▶ [Exercise]: Each entry below must come back exactly as written, without its pictures.

▶ [Data provided]:
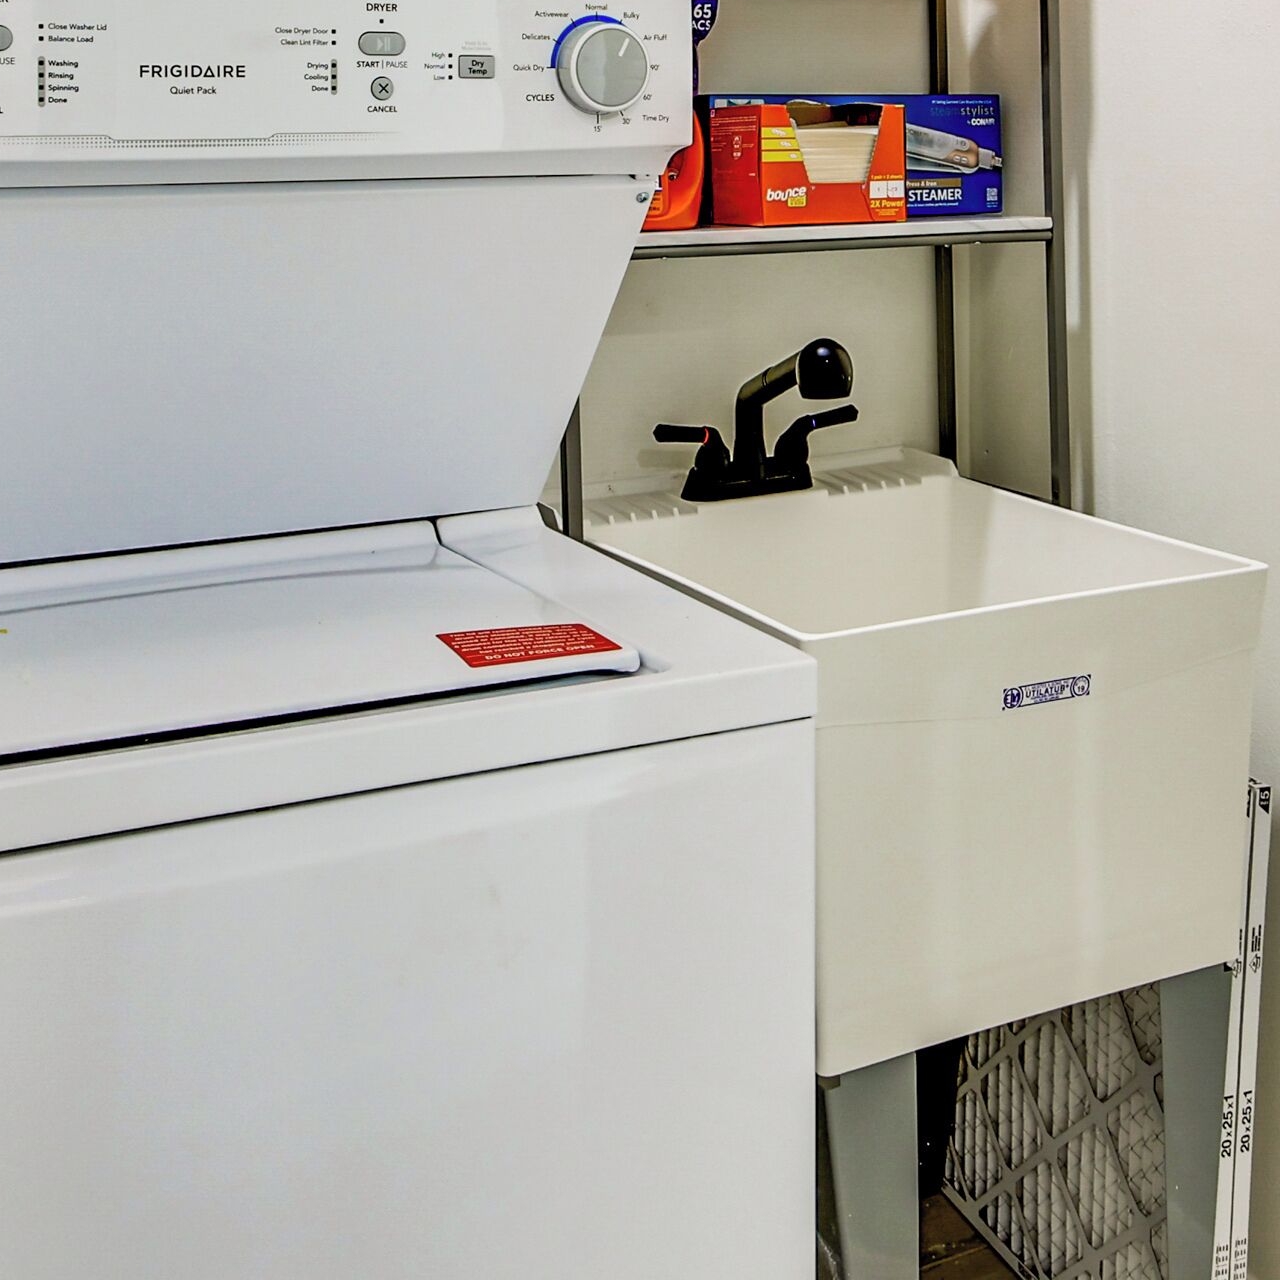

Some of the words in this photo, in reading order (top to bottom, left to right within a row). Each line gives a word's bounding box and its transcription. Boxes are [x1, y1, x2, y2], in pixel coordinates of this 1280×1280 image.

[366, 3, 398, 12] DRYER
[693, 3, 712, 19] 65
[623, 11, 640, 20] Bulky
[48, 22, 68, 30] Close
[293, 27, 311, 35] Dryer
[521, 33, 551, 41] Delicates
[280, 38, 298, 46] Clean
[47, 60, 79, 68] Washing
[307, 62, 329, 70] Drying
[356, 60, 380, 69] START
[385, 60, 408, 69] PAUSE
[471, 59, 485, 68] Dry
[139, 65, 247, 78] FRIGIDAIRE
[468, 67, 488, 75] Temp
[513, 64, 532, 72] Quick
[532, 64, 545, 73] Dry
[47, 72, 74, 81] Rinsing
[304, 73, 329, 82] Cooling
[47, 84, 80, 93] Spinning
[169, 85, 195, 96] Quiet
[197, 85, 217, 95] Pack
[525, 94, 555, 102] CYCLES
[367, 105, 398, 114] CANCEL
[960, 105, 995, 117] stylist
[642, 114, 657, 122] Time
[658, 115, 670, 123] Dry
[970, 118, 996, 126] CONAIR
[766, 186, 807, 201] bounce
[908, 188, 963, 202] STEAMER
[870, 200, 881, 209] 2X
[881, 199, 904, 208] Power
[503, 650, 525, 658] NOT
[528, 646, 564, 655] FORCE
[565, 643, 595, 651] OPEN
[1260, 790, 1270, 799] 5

▶ [Answer section]:
Some of the words in this photo, in reading order (top to bottom, left to right within a row). Each line gives a word's bounding box and its transcription. Boxes are [x1, y1, x2, y2], in pixel coordinates of this 1280×1280 image.

[366, 3, 398, 12] DRYER
[693, 3, 712, 19] 65
[623, 11, 640, 20] Bulky
[48, 22, 68, 30] Close
[293, 27, 311, 35] Dryer
[521, 33, 551, 41] Delicates
[280, 38, 298, 46] Clean
[47, 60, 79, 68] Washing
[307, 62, 329, 70] Drying
[356, 60, 380, 69] START
[385, 60, 408, 69] PAUSE
[471, 59, 485, 68] Dry
[139, 65, 247, 78] FRIGIDAIRE
[468, 67, 488, 75] Temp
[513, 64, 532, 72] Quick
[532, 64, 545, 73] Dry
[47, 72, 74, 81] Rinsing
[304, 73, 329, 82] Cooling
[47, 84, 80, 93] Spinning
[169, 85, 195, 96] Quiet
[197, 85, 217, 95] Pack
[525, 94, 555, 102] CYCLES
[367, 105, 398, 114] CANCEL
[960, 105, 995, 117] stylist
[642, 114, 657, 122] Time
[658, 115, 670, 123] Dry
[970, 118, 996, 126] CONAIR
[766, 186, 807, 201] bounce
[908, 188, 963, 202] STEAMER
[870, 200, 881, 209] 2X
[881, 199, 904, 208] Power
[503, 650, 525, 658] NOT
[528, 646, 564, 655] FORCE
[565, 643, 595, 651] OPEN
[1260, 790, 1270, 799] 5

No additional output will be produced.